Chris Marjo

What is your current position, and what do you do?
I head an instrument facility that is part of the Mark Wainwright Analytical Centre at UNSW Sydney. My team of 11 scientists specialise in chemical analysis, X-ray diffraction and surface analysis.

Describe your study/employment pathway.
I studied applied chemistry at UTS, PhD in synthetic organic chemistry at UNSW, and did postdoctoral research at the University of Twente in the Netherlands, and then the University of Nottingham in the UK. I came back to Australia to work as a computer programmer, then eventually running a manufacturing business making printing ink and surface coatings for the paperboard industry. I finally moved back to UNSW ten years ago to help build our Analytical Centre.

What has been your biggest challenge, career-wise?
After my second postdoc in the UK, I felt I had done enough scientific research and needed to reinvent my career. In order to make the move back to Australia, I took a computer programming job that eventually lead to a management role.

What achievement are you most proud of?
My part helping to build our Analytical Centre at the University of NSW. In ten years, we have created some world-class laboratories, and help facilitate some great science with UNSW researchers.
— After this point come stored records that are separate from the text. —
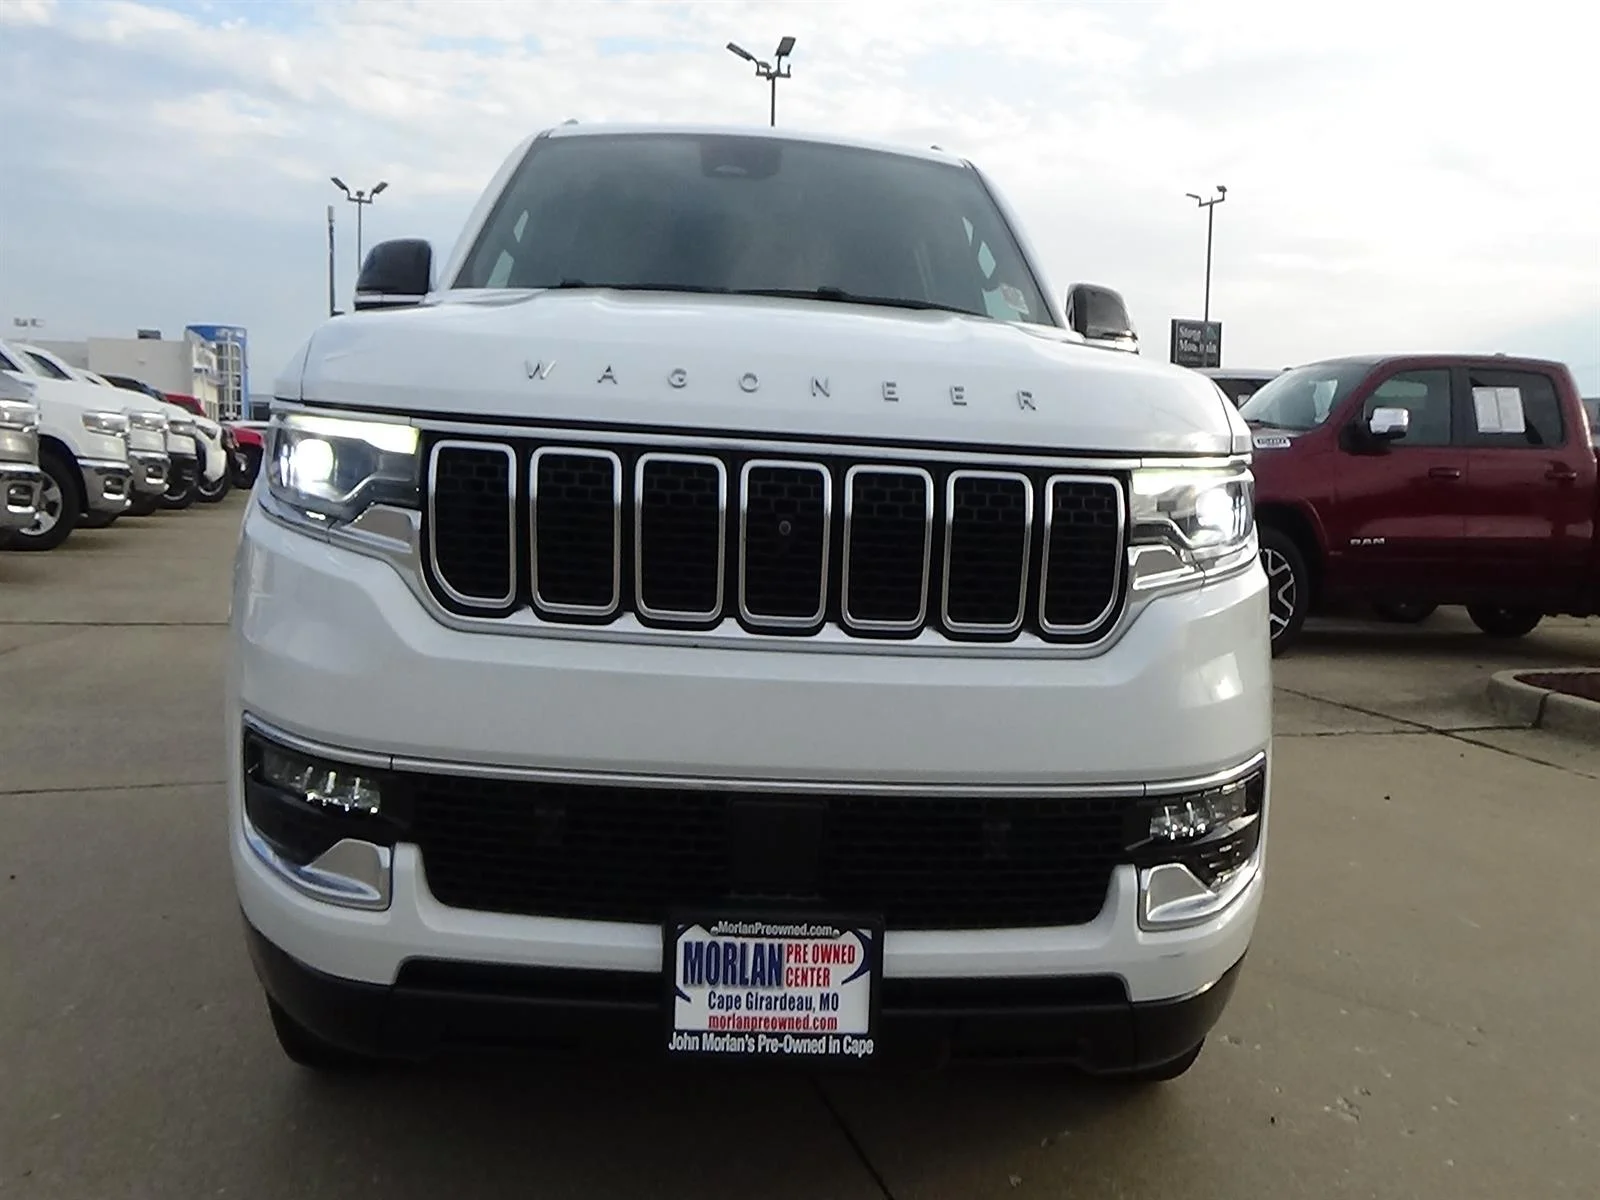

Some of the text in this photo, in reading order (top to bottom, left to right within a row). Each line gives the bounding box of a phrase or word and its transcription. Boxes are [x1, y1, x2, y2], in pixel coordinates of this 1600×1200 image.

[525, 359, 1037, 411] WAGONEER
[1350, 537, 1385, 546] RAM
[718, 920, 833, 937] MorlanPreowned.com
[682, 940, 785, 988] MORLAN
[786, 943, 856, 965] PRE OWNED
[785, 966, 831, 988] CENTER
[708, 991, 840, 1014] Cape Girardeau, MO
[708, 1013, 838, 1032] morlanpreowned.com
[668, 1032, 699, 1051] John
[702, 1033, 755, 1053] Morlan's
[758, 1034, 826, 1054] Pre-Owned
[842, 1035, 874, 1058] Cape
What do you believe are the greatest attributes of a successful scientist?
Creativity, optimism, problem solving skills, an appetite for new ideas.

How have you used the skills/knowledge that you acquired, from studying chemistry, in your current role?
Chemistry provides insights into many disciplines like materials science, engineering, geology, and biology. Researchers in all these areas use our instruments, and this gives me an opportunity to collaborate with experts in those fields.

What are your interests outside of work?
Surfing, more a passion than a talent.

What helps you achieve a work-life balance?
When busy at work it’s good to be just as busy away from work - travel, surfing, family, travel, music, cooking...whatever. It rebuilds your creativity and enthusiasm.

What advice would you give to students starting their science careers?
One of the best skills you receive from an undergraduate science degree is the ability to learn complex new ideas, not just in science but in any field. This can lead to new opportunities in science and beyond.

Is there anything you would like to share?
Many people in the middle of their career tell me their younger selves would not have imagined what they are doing now.